### Instructions for the task
A word-for-word copy of the listing, free of images, is the expected answer.

[Opening Data listing section]

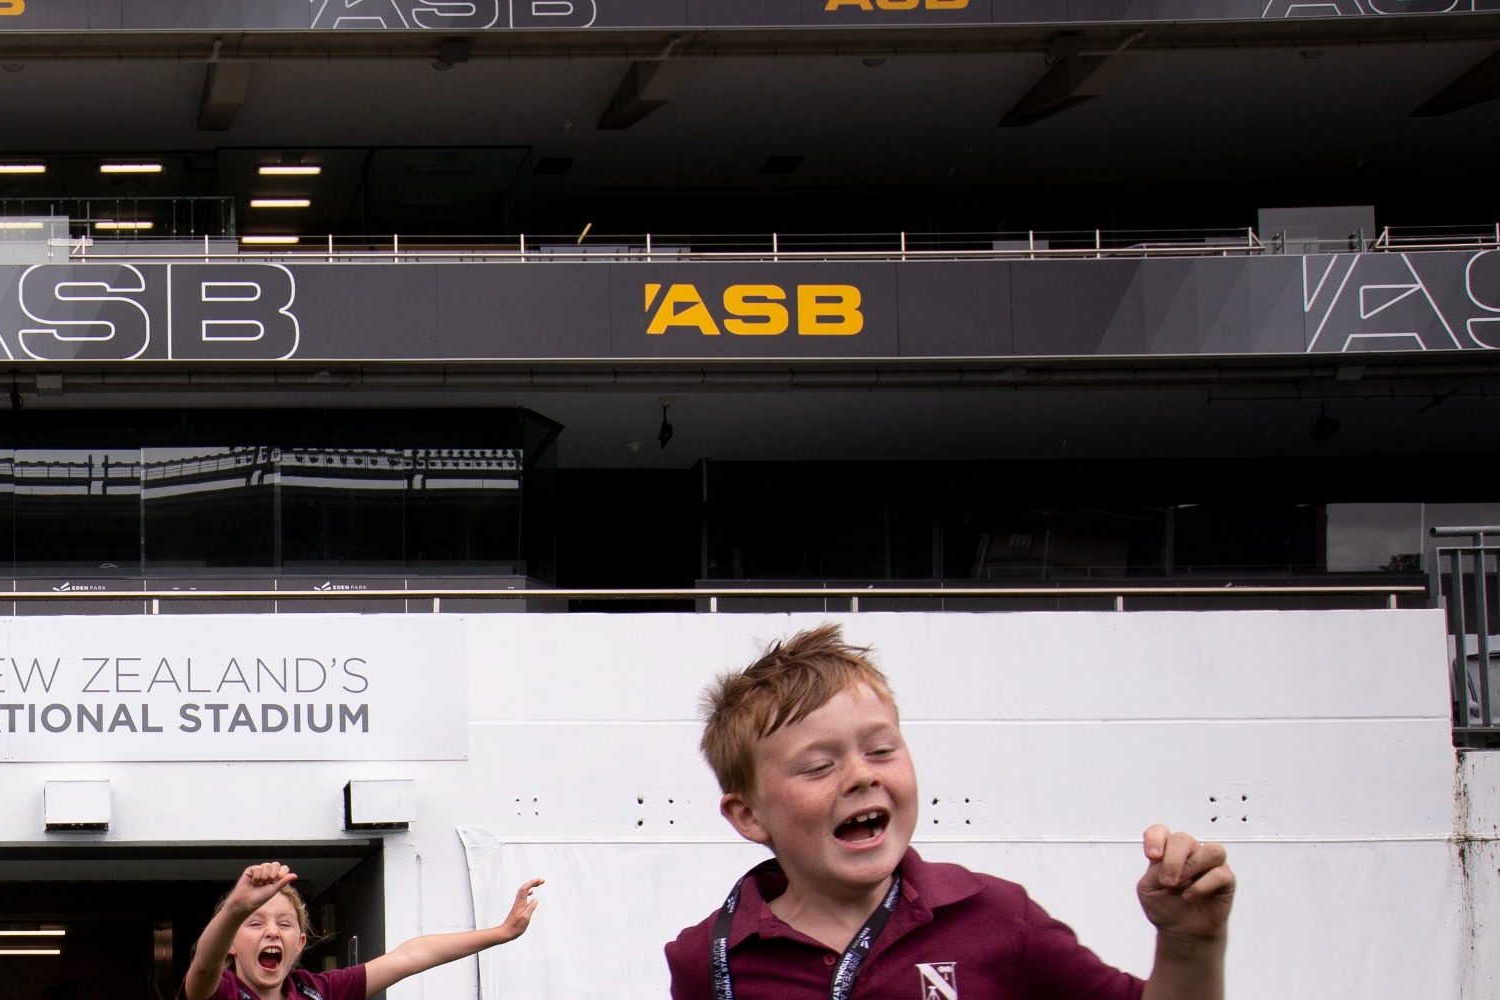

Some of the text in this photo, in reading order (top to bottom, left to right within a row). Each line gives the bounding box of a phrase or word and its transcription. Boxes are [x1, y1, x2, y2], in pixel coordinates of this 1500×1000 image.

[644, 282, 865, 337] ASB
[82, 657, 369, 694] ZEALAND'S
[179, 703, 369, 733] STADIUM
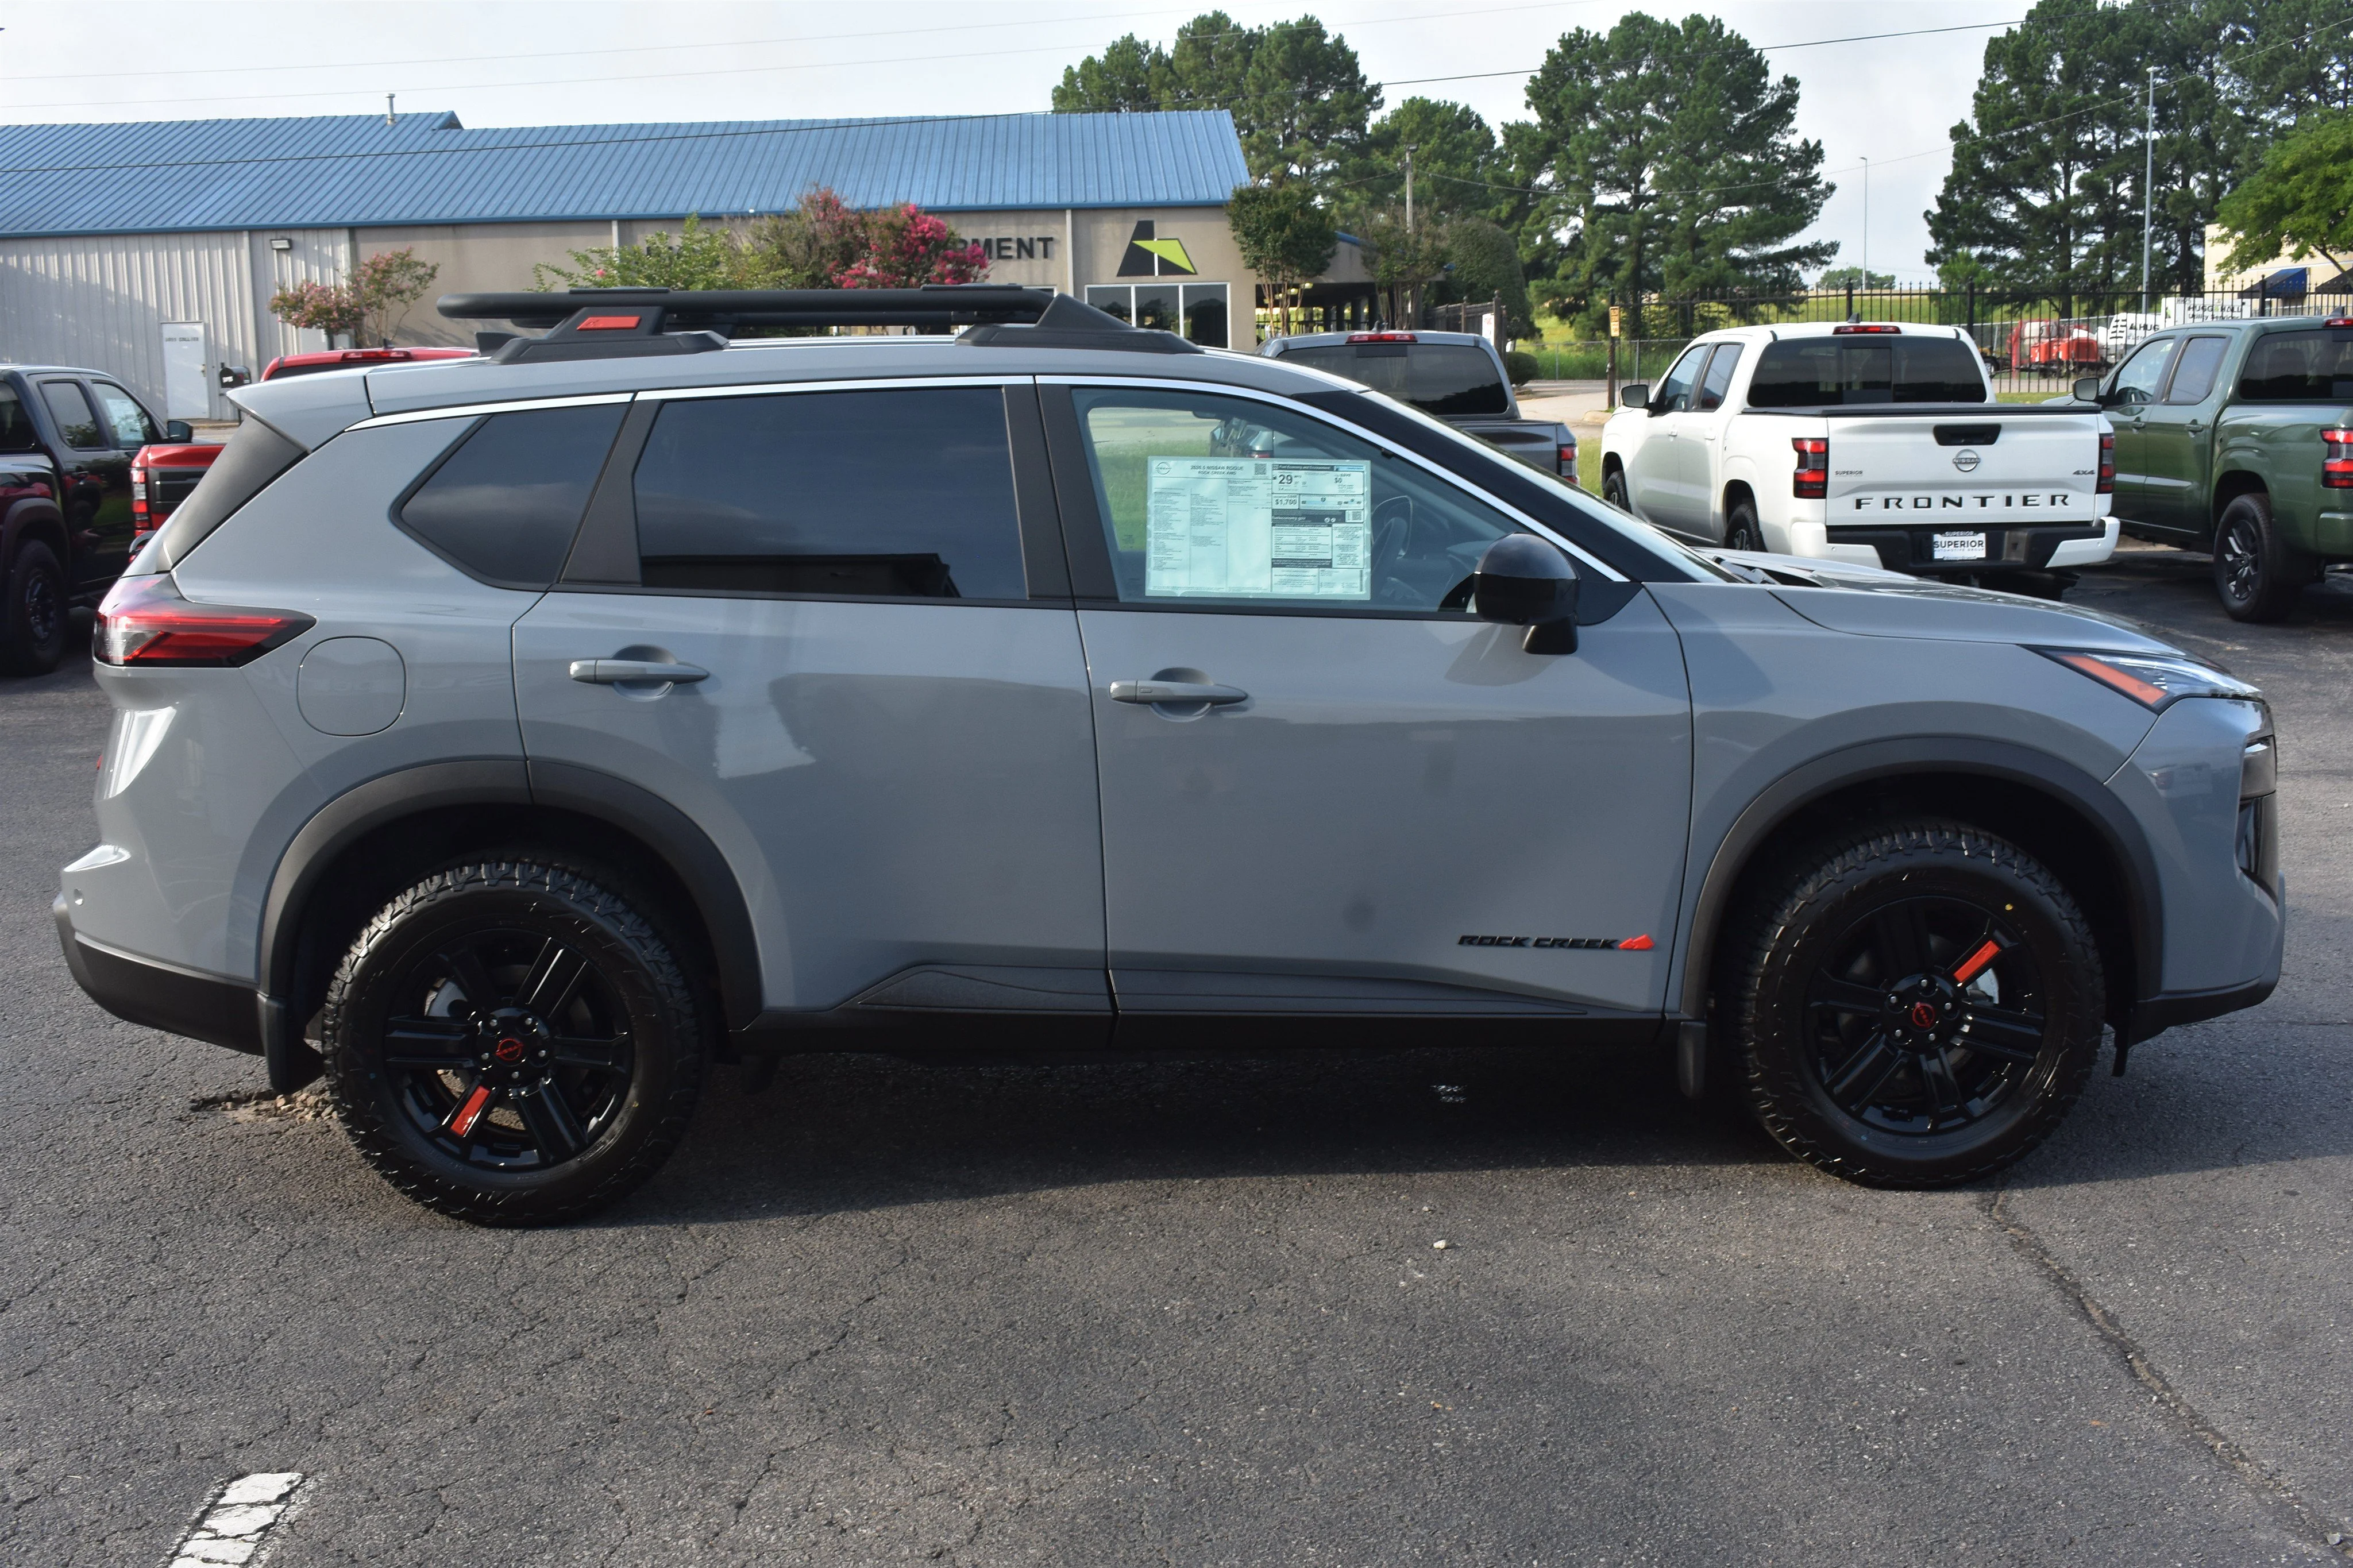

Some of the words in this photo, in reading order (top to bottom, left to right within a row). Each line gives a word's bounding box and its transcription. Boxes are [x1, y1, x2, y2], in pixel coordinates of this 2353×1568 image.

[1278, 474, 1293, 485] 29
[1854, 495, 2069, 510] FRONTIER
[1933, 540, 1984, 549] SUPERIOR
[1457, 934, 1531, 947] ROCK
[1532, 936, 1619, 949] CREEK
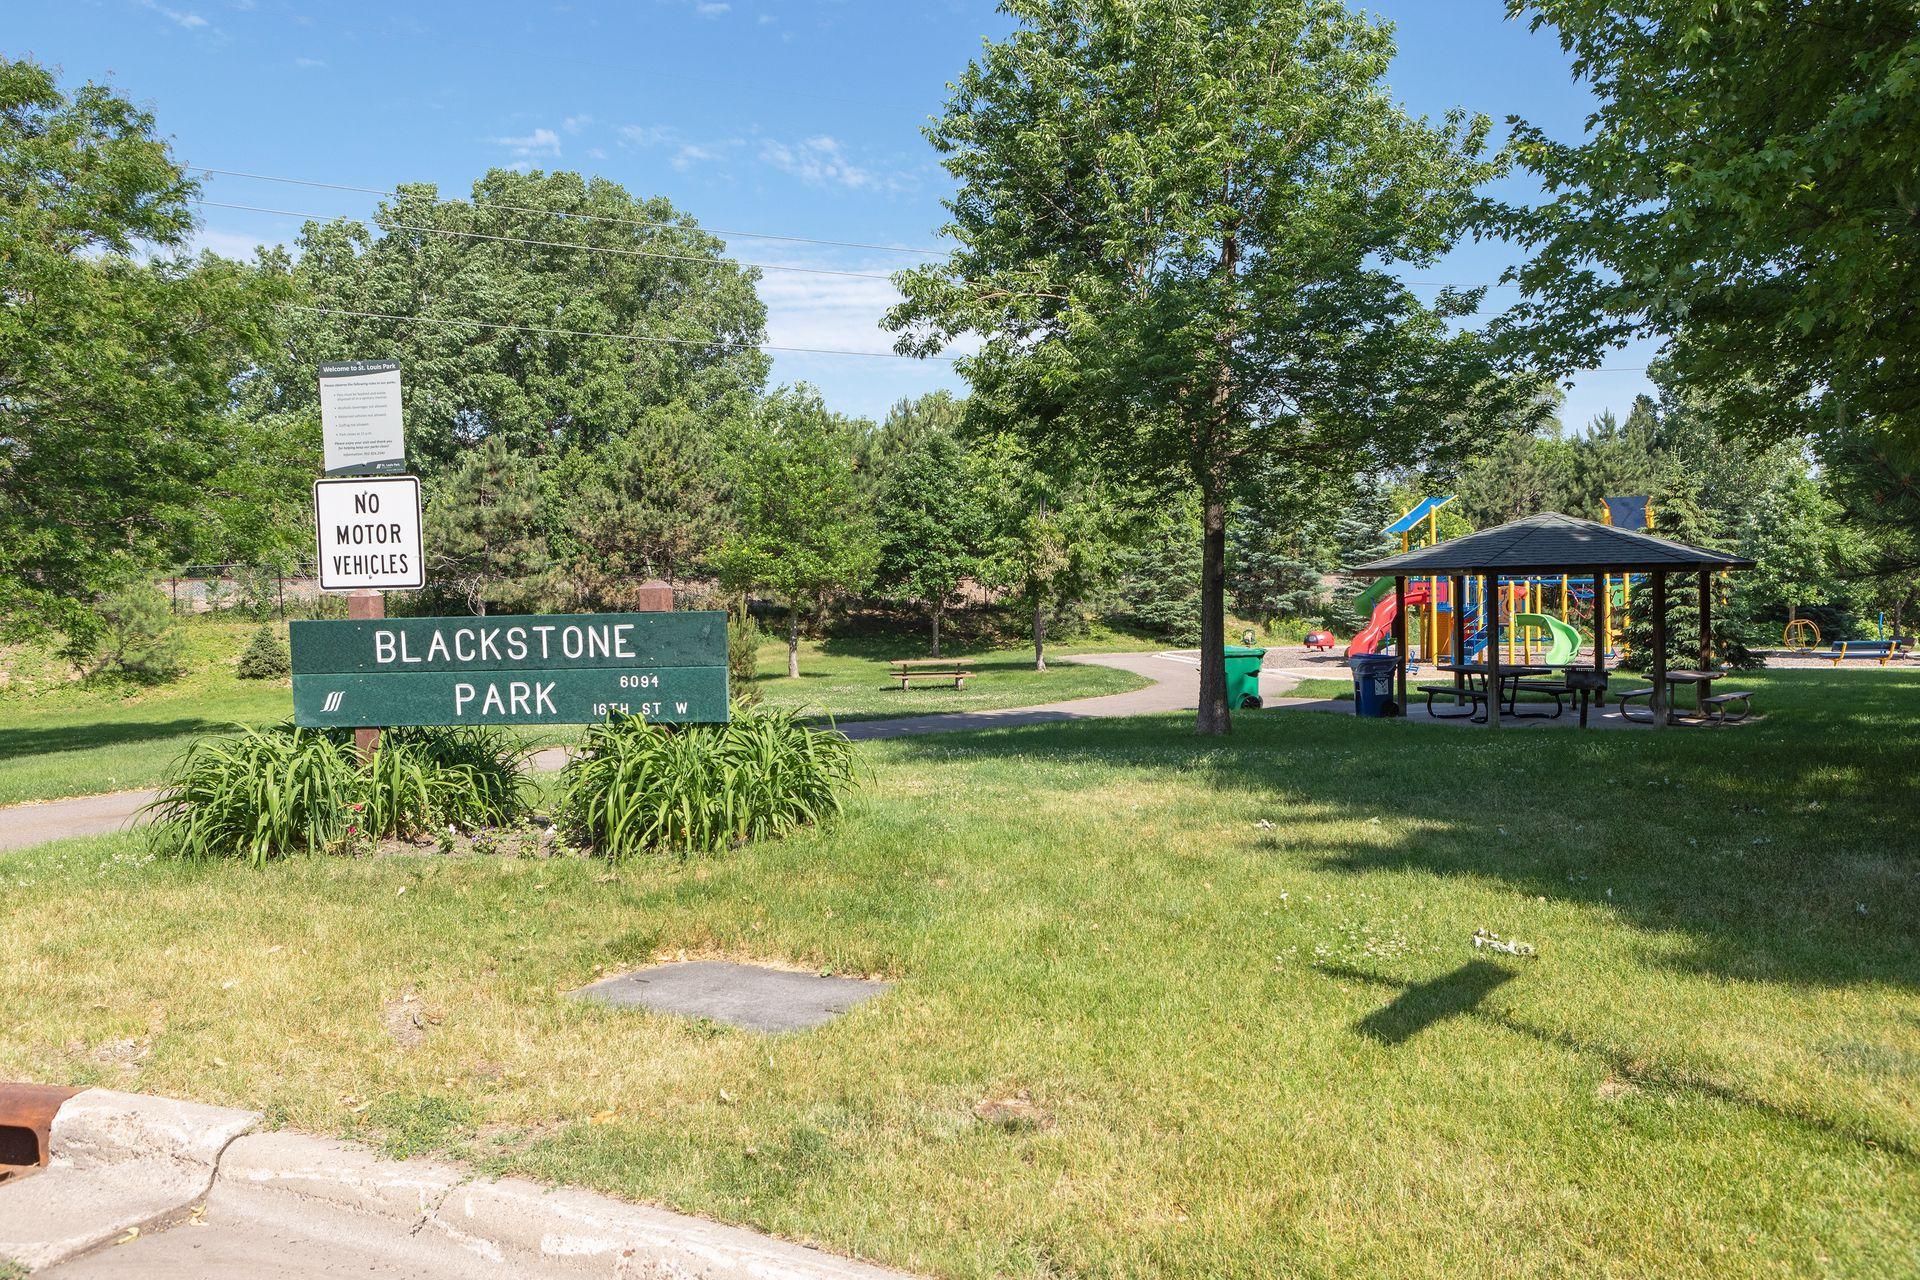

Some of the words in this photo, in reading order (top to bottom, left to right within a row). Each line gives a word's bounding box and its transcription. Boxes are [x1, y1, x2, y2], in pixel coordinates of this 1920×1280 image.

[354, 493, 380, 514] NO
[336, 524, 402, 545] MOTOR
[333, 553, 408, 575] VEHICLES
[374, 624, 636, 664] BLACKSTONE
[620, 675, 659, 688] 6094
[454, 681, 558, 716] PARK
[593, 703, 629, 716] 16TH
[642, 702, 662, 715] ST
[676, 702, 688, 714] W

[Closing Data listing section]

### Response to the task
Some of the text in this photo, in reading order (top to bottom, left to right within a row). Each line gives the bounding box of a phrase or word and its transcription. Boxes are [x1, y1, x2, y2], in pixel coordinates of this 1500×1000 image.

[644, 282, 865, 337] ASB
[82, 657, 369, 694] ZEALAND'S
[179, 703, 369, 733] STADIUM

Some of the words in this photo, in reading order (top to bottom, left to right within a row). Each line gives a word's bounding box and its transcription. Boxes are [x1, y1, x2, y2], in pixel coordinates of this 2353×1568 image.

[1278, 474, 1293, 485] 29
[1854, 495, 2069, 510] FRONTIER
[1933, 540, 1984, 549] SUPERIOR
[1457, 934, 1531, 947] ROCK
[1532, 936, 1619, 949] CREEK

Some of the words in this photo, in reading order (top to bottom, left to right within a row). Each line gives a word's bounding box and its transcription. Boxes are [x1, y1, x2, y2], in pixel coordinates of this 1920×1280 image.

[354, 493, 380, 514] NO
[336, 524, 402, 545] MOTOR
[333, 553, 408, 575] VEHICLES
[374, 624, 636, 664] BLACKSTONE
[620, 675, 659, 688] 6094
[454, 681, 558, 716] PARK
[593, 703, 629, 716] 16TH
[642, 702, 662, 715] ST
[676, 702, 688, 714] W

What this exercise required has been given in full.